___ Listed records ___
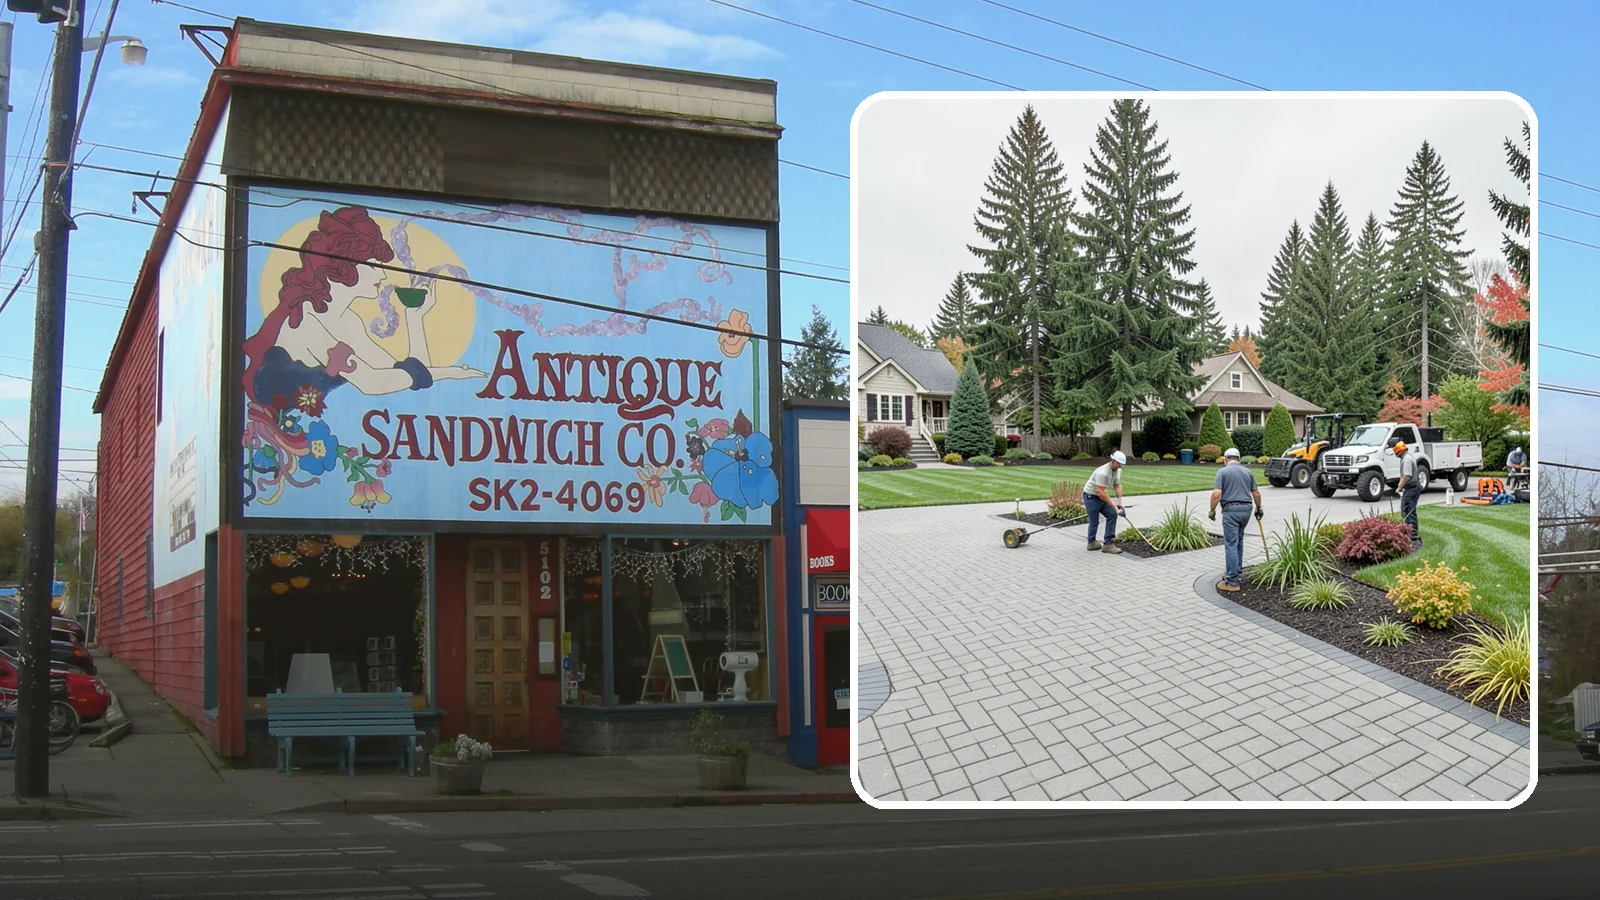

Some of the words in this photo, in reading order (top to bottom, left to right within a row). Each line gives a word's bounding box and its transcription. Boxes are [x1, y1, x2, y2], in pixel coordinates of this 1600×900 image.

[476, 329, 723, 420] ANTIQUE
[361, 408, 604, 467] SANDWICH
[617, 422, 685, 469] CO.
[469, 477, 645, 513] SK2-4069
[540, 541, 551, 599] 5102
[809, 555, 835, 569] BOOKS
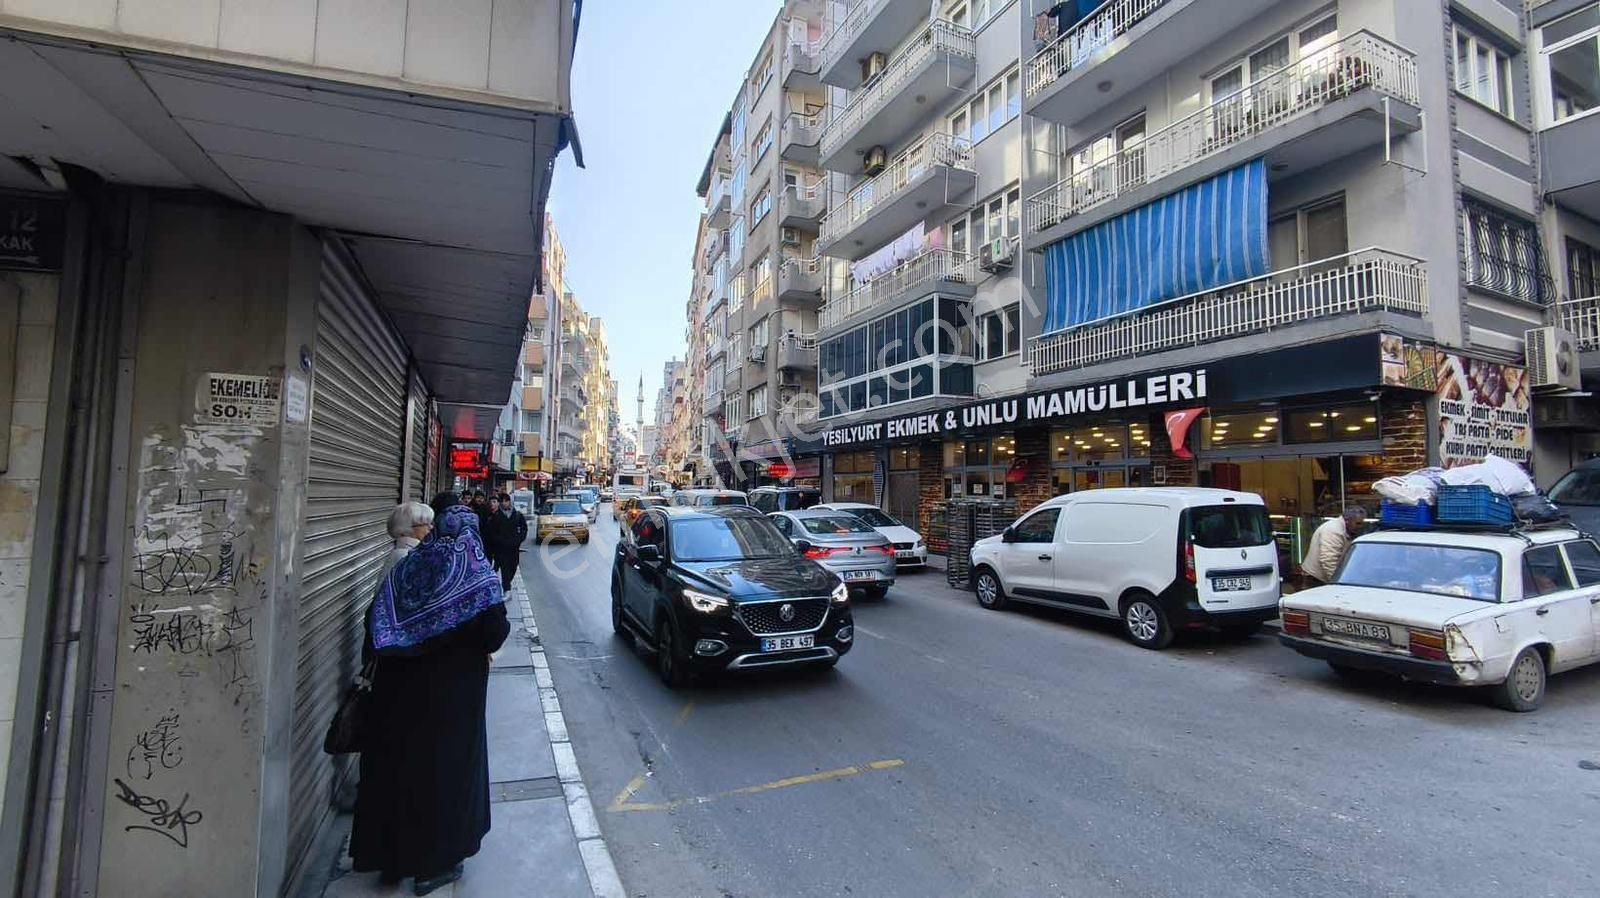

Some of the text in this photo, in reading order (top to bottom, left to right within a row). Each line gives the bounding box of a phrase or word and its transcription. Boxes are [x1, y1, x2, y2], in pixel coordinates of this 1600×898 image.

[887, 413, 940, 438] EKMEK
[944, 410, 957, 430] &
[963, 400, 1018, 428] UNLU
[1027, 369, 1207, 420] MAMÜLLERİ
[1440, 401, 1466, 417] EKMEK
[1468, 424, 1490, 438] PASTA
[1446, 441, 1465, 456] KURU
[1466, 443, 1488, 457] PASTA
[1346, 622, 1369, 636] BNA
[1371, 626, 1389, 640] 83
[766, 639, 777, 650] 35
___
▶ [Instructions to follow]:
All lines from the one with "Some of the text" through the end of the records need to be copied exactly, and no other lines.

▶ [Response to the task]:
Some of the text in this photo, in reading order (top to bottom, left to right within a row). Each line gives the bounding box of a phrase or word and its transcription. Boxes are [x1, y1, x2, y2], in pixel coordinates of this 1600×898 image.

[887, 413, 940, 438] EKMEK
[944, 410, 957, 430] &
[963, 400, 1018, 428] UNLU
[1027, 369, 1207, 420] MAMÜLLERİ
[1440, 401, 1466, 417] EKMEK
[1468, 424, 1490, 438] PASTA
[1446, 441, 1465, 456] KURU
[1466, 443, 1488, 457] PASTA
[1346, 622, 1369, 636] BNA
[1371, 626, 1389, 640] 83
[766, 639, 777, 650] 35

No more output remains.